Cependant, des experts allemands affirment que l’UE n’a d’autre choix que d’« exporter » ses problèmes environnementaux vers d’autres pays, où la protection de la nature, les droits humains et les conditions de travail sont bien plus faibles que dans l’UE. Sa participation à la construction de mines controversées en Serbie serait un signe clair que l’Europe ne considère pas la Serbie comme un futur membre à part entière de l’UE.
La Serbie est située en Europe et est intrinsèquement liée à l’UE. Pourtant, les perspectives de relations mutuelles sont doublement menacées. Afin de mettre en œuvre une exploitation minière bon marché, avec décharges et rejets d’eaux problématiques dans des pays dépendants (alors même que l’UE lutte activement contre les sécheresses et la pollution), l’UE a intérêt à soutenir des gouvernements autocratiques qui acceptent ces conditions, ce qui entrave fortement le développement de la démocratie et nuit à la stabilité à long terme de la région.
Dans un contexte de corruption généralisée, de domination inconstitutionnelle du sommet du régime sur le pouvoir judiciaire, législatif et exécutif, et d’impunité pour les manipulations électorales massives, le soutien que les responsables de l’UE apportent aux autorités autocratiques en Serbie, ainsi que leur insistance sur une exploitation minière bon marché et dévastatrice, sapent fondamentalement la confiance des citoyens serbes envers l’UE. L’érosion de la confiance qu’avait une grande partie de l’opinion publique serbe envers l’Union ouvre la voie à l’influence de puissances non-européennes, ce qui est contraire aux intérêts de la Serbie, mais aussi à ceux de l’UE.
Au lieu de l’impasse décrite, une voie de coopération devrait être trouvée, qui apporterait des bénéfices aux deux parties.
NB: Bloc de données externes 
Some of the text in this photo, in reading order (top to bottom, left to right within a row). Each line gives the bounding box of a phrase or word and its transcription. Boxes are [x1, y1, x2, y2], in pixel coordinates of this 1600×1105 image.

Depuis de nombreuses années, une entreprise chinoise exploite le cuivre et de nombreux minéraux critiques dans les villes serbes de Bor et Majdanpek. Ainsi, des quantités significatives de cuivre européen sont remises à une entreprise non-européenne. L’exploitation de la mine et de l’usine entraîne des émissions de métaux lourds et toxiques dépassant les valeurs limites de plusieurs dizaines de fois, ce qui accroît considérablement l’incidence des maladies et des décès dus à des affections non contagieuses. À Bor, le nombre d’employés (hors travailleurs étrangers) est comparable au nombre de patients en oncologie, tandis que la population (hors étrangers) a déjà diminué d’environ 20 %.
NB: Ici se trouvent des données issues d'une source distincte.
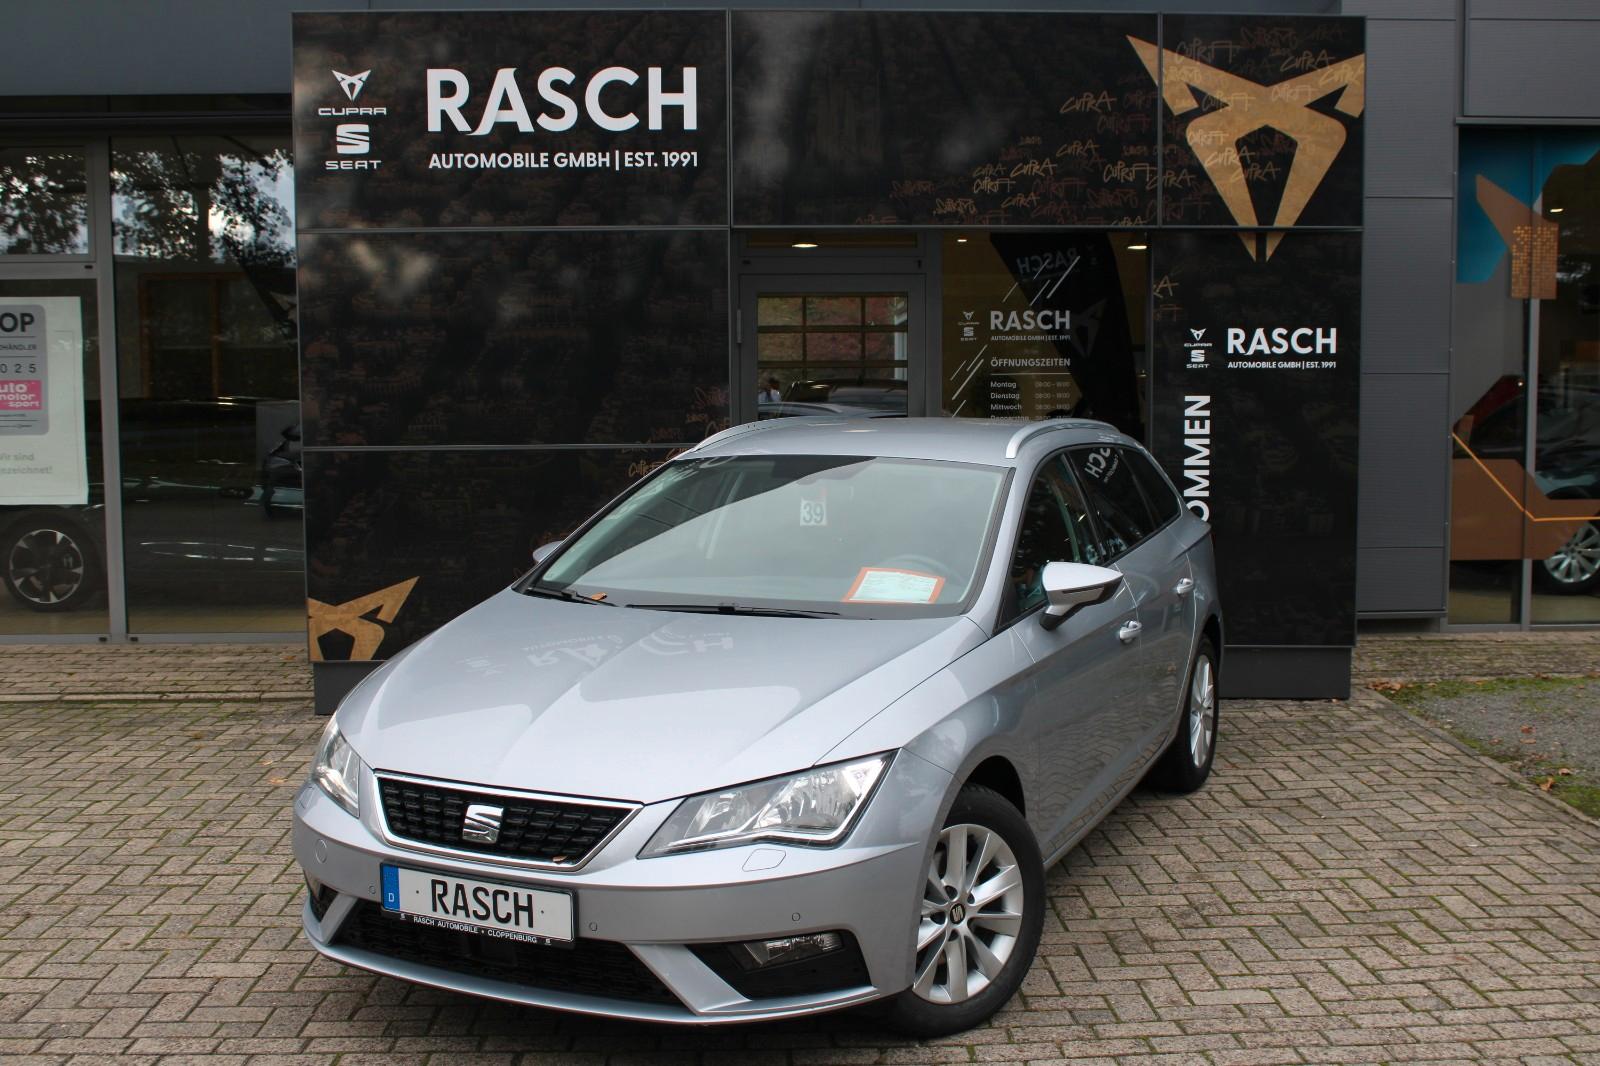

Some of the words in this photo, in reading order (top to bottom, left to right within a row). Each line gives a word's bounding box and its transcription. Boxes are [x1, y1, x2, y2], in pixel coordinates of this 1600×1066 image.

[426, 66, 698, 136] RASCH
[317, 107, 387, 116] CUPRA
[325, 160, 382, 170] SEAT
[428, 152, 549, 169] AUTOMOBILE
[554, 152, 610, 168] GMBH
[624, 152, 658, 168] EST.
[663, 151, 698, 167] 1991
[990, 310, 1071, 331] RASCH
[1227, 327, 1337, 356] RASCH
[990, 356, 1071, 367] ÖFFNUNGSZEITEN
[1227, 361, 1277, 369] AUTOMOBILE
[1306, 361, 1320, 369] EST.
[1321, 361, 1336, 369] 1991
[990, 381, 1017, 389] Montag
[990, 392, 1020, 400] Dienstag
[802, 502, 824, 525] 39
[388, 892, 395, 903] D
[431, 878, 534, 929] RASCH
[413, 916, 435, 926] RASCH
[437, 920, 479, 934] AUTOMOBILE
[487, 929, 538, 943] CLOPPENBURG
Selon les données disponibles, la Serbie perçoit moins de 3 % de la valeur marchande totale des minéraux, un montant très proche des projections de recettes que la Serbie tirerait du projet Jadar (calcul proposé par l’ancien gouverneur de la Banque nationale de Serbie et trois économistes de renom). Alors que la demande de cuivre augmente, les précieuses réserves européennes de cuivre sont cédées à la Chine pour presque rien, ce qui montre qu’il existe une marge de coopération entre la Serbie et l’UE, mais qu’elle se situe dans le bassin de Bor, et non dans la vallée de Jadar.
La coopération avec l’UE et le sauvetage de la Serbie du chemin précipité vers l’extinction exigent que tous les auteurs de violations de la loi et de la Constitution soient punis, y compris les hauts représentants du régime au pouvoir, et que tous soient privés de l’accès à l’argent et au pouvoir acquis illégalement. Telle est la tâche et le devoir des citoyens de Serbie. Il suffirait que l’Europe cesse d’apporter son soutien aux usurpateurs, aux dirigeants non démocratiques et aux contrevenants.